Visitors to the historic Squaw Valley Ski Resort are used to getting a glimpse into the finer things of life and enjoying a luxurious stay; however, the resort’s dedicated staff have recently shown their skills in keeping visitors to the region as safe and secure as possible during the contamination of a minor well water system serving the Upper Mountain region only. Squaw Valley Public Relations Director Liesl Kenney has recently been updating guests, the press, and the public about the many different steps the resort has taken to make sure each and every guest remains safe at all times when visiting the Gold Coast and High Camp regions of the mountain.

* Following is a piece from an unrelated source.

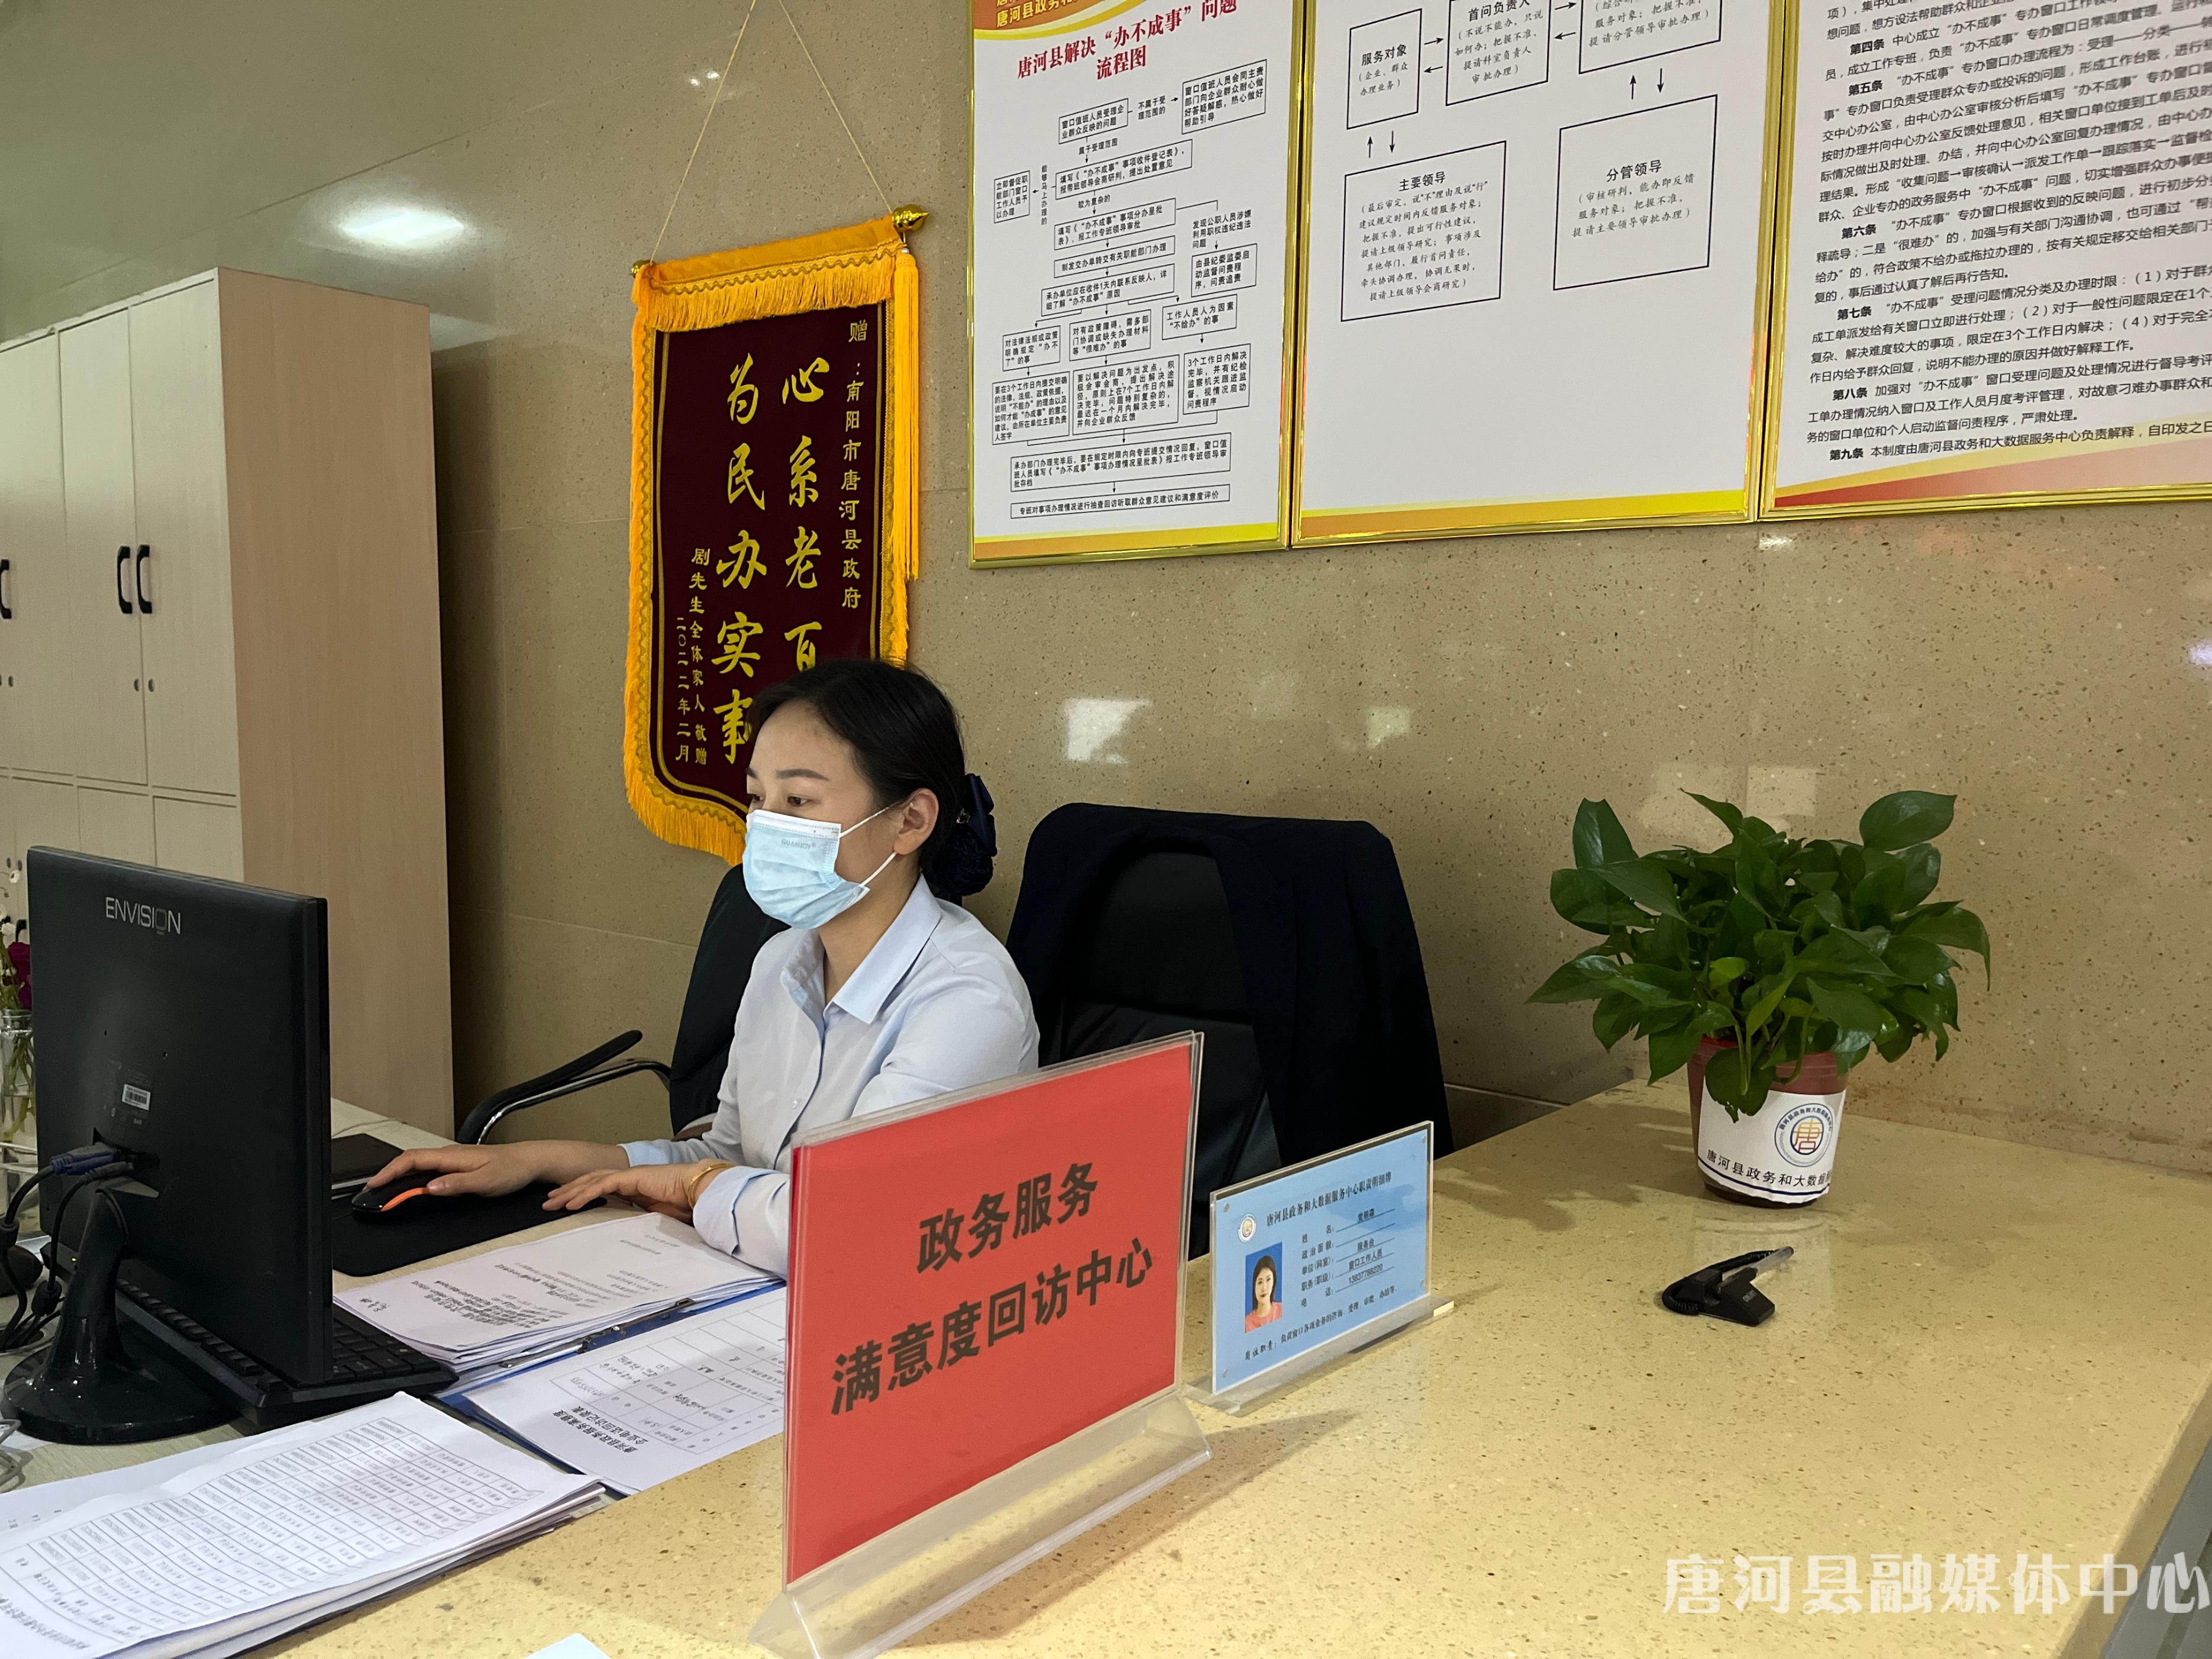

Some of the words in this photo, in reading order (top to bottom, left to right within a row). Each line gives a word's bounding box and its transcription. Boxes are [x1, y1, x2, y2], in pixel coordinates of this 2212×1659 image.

Liesl Kenney and Placer County Environmental Health Official Wesley Nicks have explained an inundation of rain water during an unexpected weather event caused the issue that has affected four wells serving a small portion of Squaw Valley’s ski resort. The resorts own testing procedures highlighted a small issue with the presence of E.coli and Coli form bacteria found in the four wells, importantly Squaw Valley Ski Resort officials have explained the affected water supply was turned off prior to any guest or visitor being offered any contaminated water while visiting the resort.
Liesl Kenney and Wesley Nicks have both revealed the work to rectify the problems seen in the water supply have been ongoing since Squaw Valley self reported the problems with bacteria in the wells. Kenney revealed officials notified Placer County Environmental Health Department, Squaw Valley local government, and a group of independent water experts in a bid to solve the problems as quickly as possible; only a month after the rain event occurred Wesley Nicks revealed three of the four wells had already seen a reduced level of coliform and E.coli had completely been removed from these wells. Despite the success that is already being seen in solving these water problems the water supply to Gold Coast and High Camp will not be returned to normal until experts state it is safe; complimentary bottled water is being offered to guests skiing the slopes that remain fully open.